I started working on statistical analyses of ionic contamination testing 
about 1984 and published a simplified theoretical section on the subject 
and its interpretation in my 1986 book (pp 250-257). I did some bare 
software analysis on my instruments in 1987 with the CM-4 and some much 
more sophisticated analysis with the CM-5 in 1989 (I dare mention the 
model numbers as they are no longer made!!!).

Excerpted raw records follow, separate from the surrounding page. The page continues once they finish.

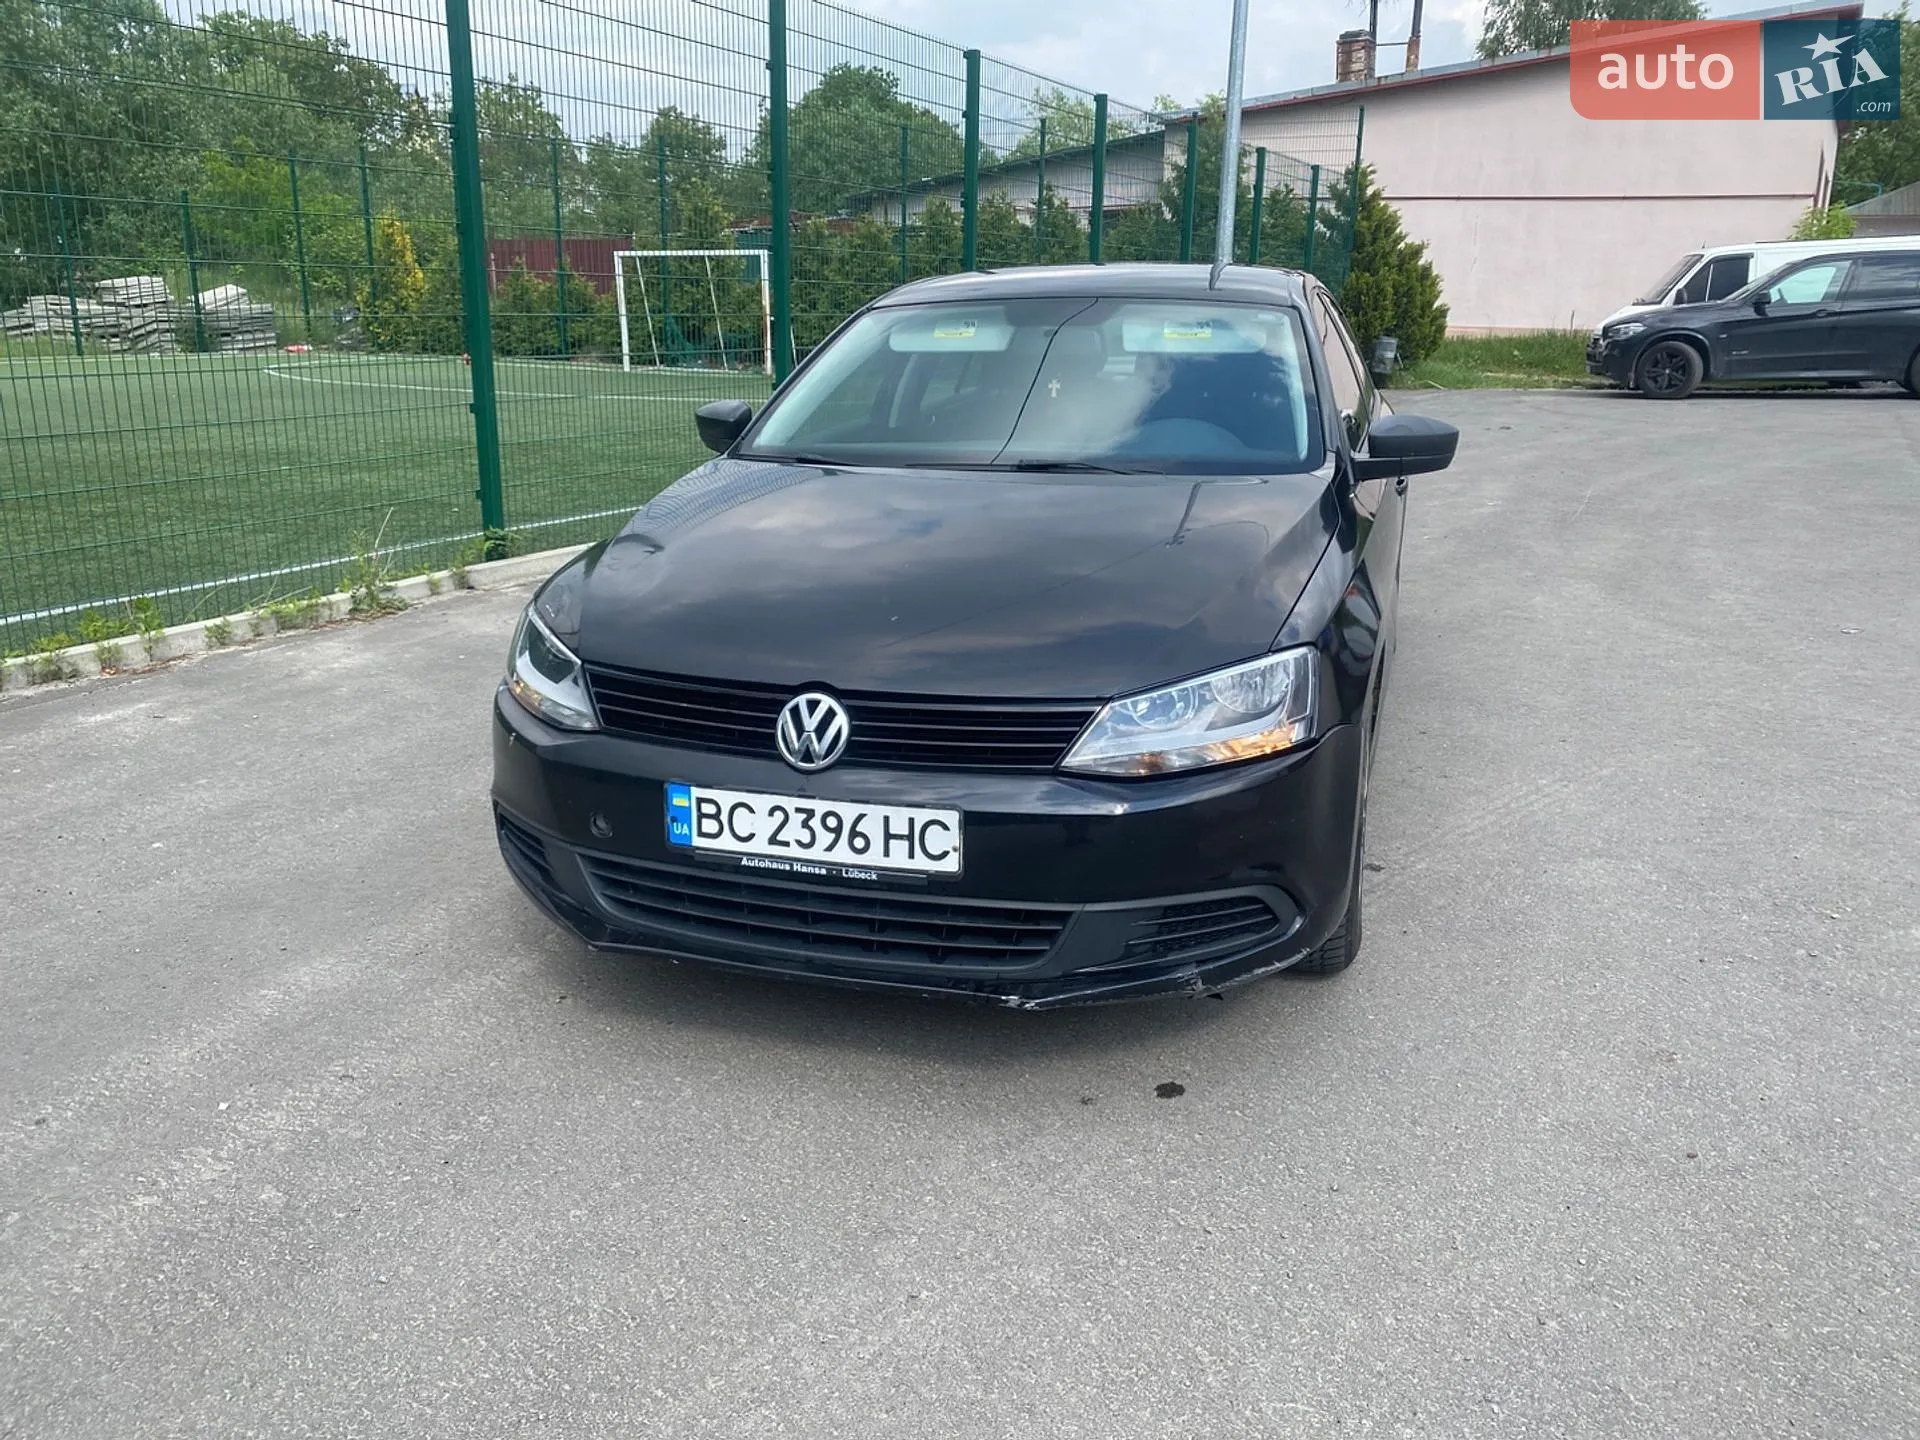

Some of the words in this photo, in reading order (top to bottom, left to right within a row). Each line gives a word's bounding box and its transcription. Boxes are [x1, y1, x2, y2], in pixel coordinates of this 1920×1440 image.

[673, 822, 690, 836] UA
[695, 796, 756, 843] BC
[767, 804, 871, 855] 2396
[882, 814, 951, 861] HC
[741, 856, 791, 871] Autohaus
[793, 862, 827, 875] Hansa
[841, 867, 879, 880] Lübeck
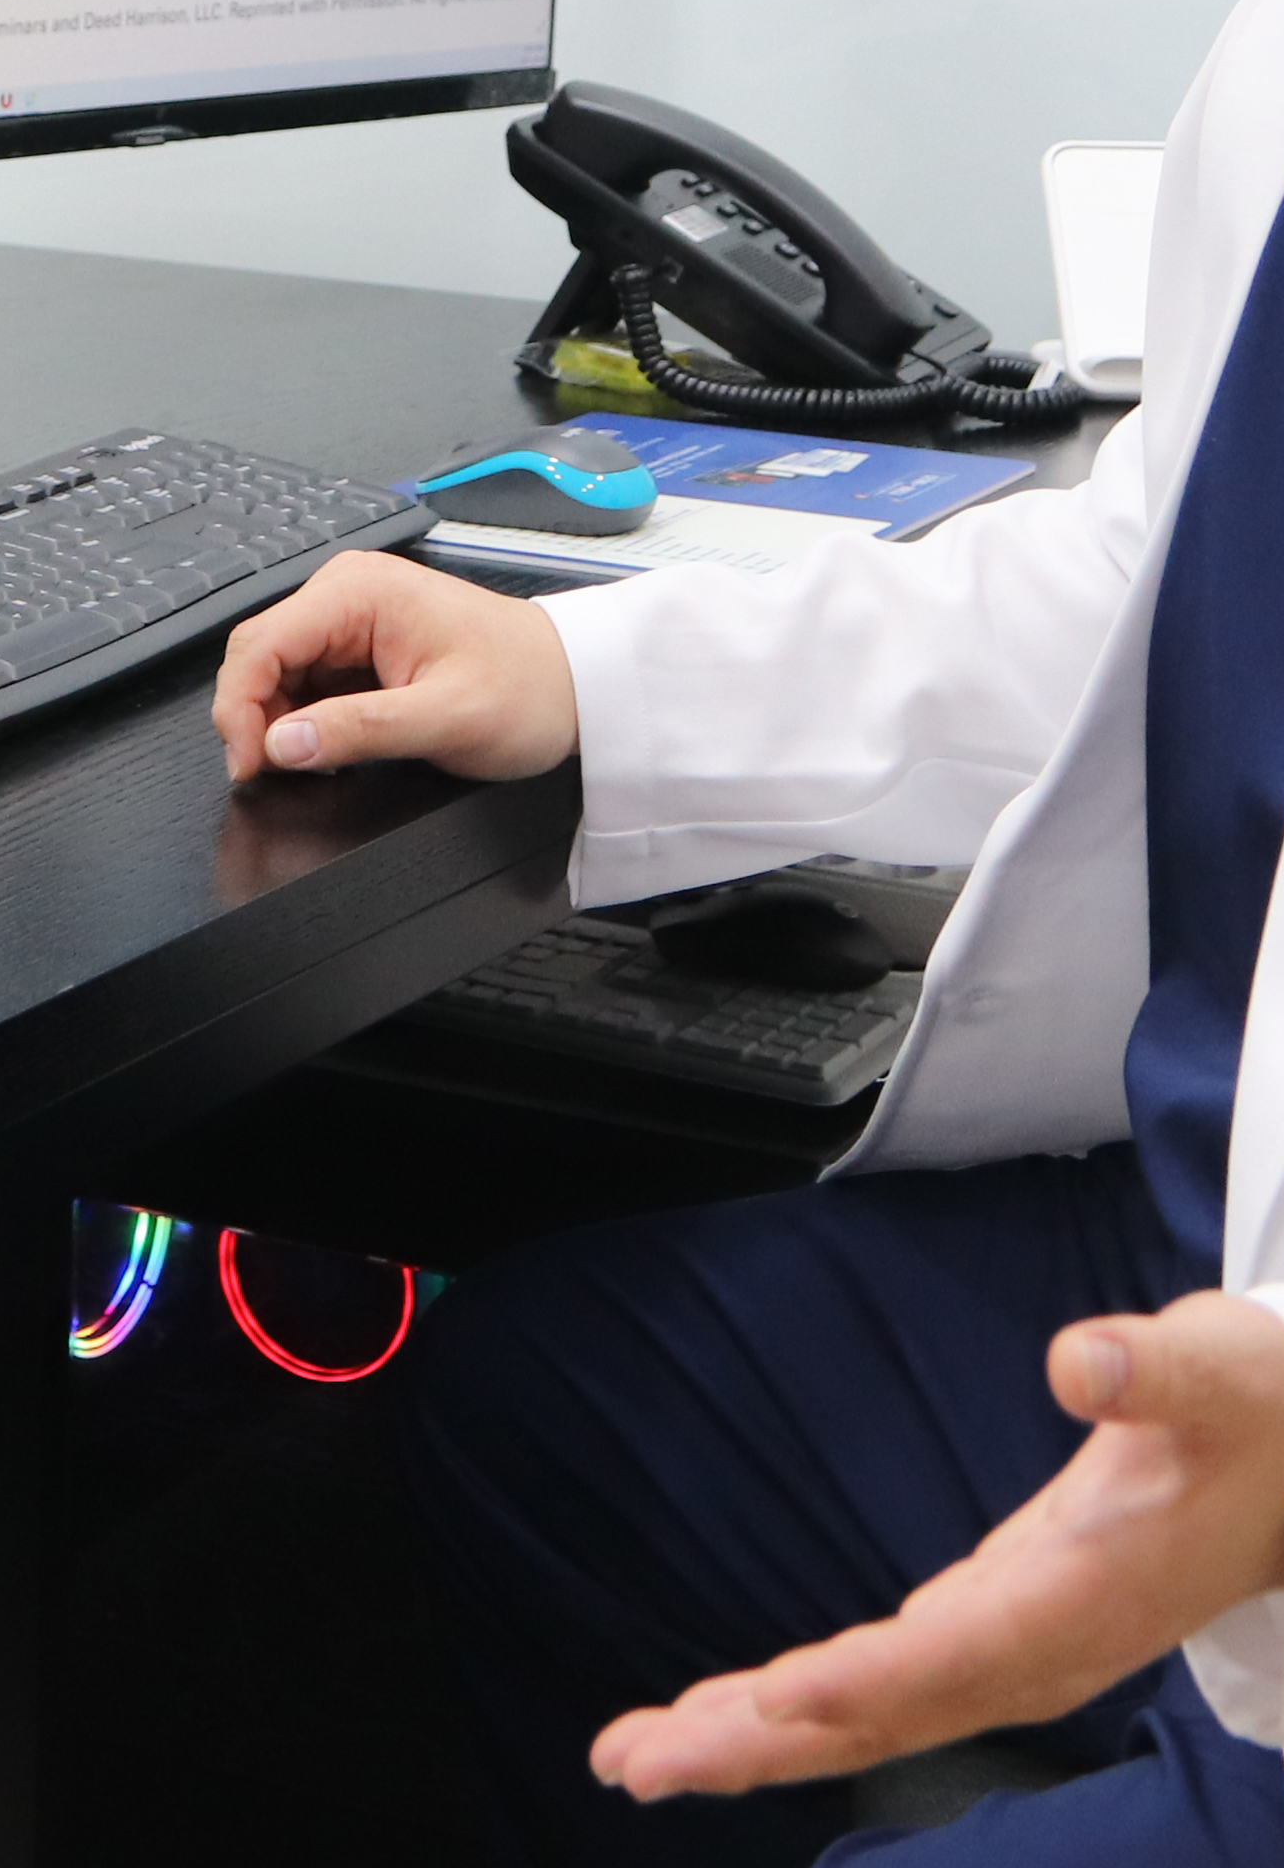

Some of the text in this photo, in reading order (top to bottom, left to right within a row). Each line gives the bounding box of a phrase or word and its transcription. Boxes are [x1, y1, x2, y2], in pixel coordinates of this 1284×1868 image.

[52, 13, 80, 32] and
[83, 10, 121, 30] Deed
[125, 6, 190, 25] Harrison,
[229, 0, 295, 22] Reprinted

Firstly, I would say that your one-sided curves were probably because of 
a lack of instrument sensitivity, perhaps due to limitations of 
resistivity measurement, as opposed to the ballistic conductivity 
measurements used in the CM series. In many years, I have never seen 
this with CMs.

Let me briefly expound what the CM-5 did. The test duration lasted until 
near-asymptote or 15 minutes, whichever was the shorter. The resultant 
curves were then extrapolated to quasi-infinite time. They were then 
analysed and the nature of the individual main contaminants (up to 
three) were determined by mathematical analysis of the curve shape. The 
results for each assembly number were then held in a database. After a 
minimum of five (I think, after 22 years) tests on a given assembly each 
new test was compared with mean and standard deviation and various 
degrees of warning were given for radical departures from the normal 
curve for that particular assembly, including the detection of slow 
drifts, even within the normal curve. This may occur, for example, as a 
product used for cleaning became exhausted or the flux in a paste 
absorbed humidity in the pot etc. In addition, after 20 or more tests of 
one assembly number, a full statistical analysis of the results could be 
made, giving more details.

Interestingly, individual tests to the left of the normal curve also 
gave a warning because this also indicated that something had gone 
haywire, especially if this was more than one isolated incident. If it 
were because, for example, the operator had just replaced the solvent in 
a vapour degreaser, then we had a logical explanation and the anomaly 
could be ignored. More often, it happened because of some sort of 
operator cheating because he did not want to re-clean a batch he knew 
may have been dodgy; a common one was to test an assembly that had 
already been tested or to hook the assembly so that it was only partly 
immersed in the solution! Believe me, after making CMs for donkey's 
years, I can state that the ingenuity of operators to obtain the results 
they wanted knew no bounds!!! The first computerised CM I made in 1978 
(a one-off) used a Commodore PET computer and there was no way the 
software could be protected; I lent it for field trials to a local 
customer who was also a friend. A month later, my friend told me that he 
was worried at first about the quality of his assemblies but that the 
operator must have improved the process as he was now getting excellent 
results. As always sceptical and knowing the assembly line, I went along 
to find out why: the operator had changed the software (in BASIC) limit 
from 1.5 µg/cm² to 15 µg/cm²!!!! Who would have believed it? This 
incident was part of the reason I dropped the PET in favour of the HP-85 
series, much more versatile and professional, for the launch of the 
first computerised ionic contamination tester in 1979. WOW! 33 years ago!!!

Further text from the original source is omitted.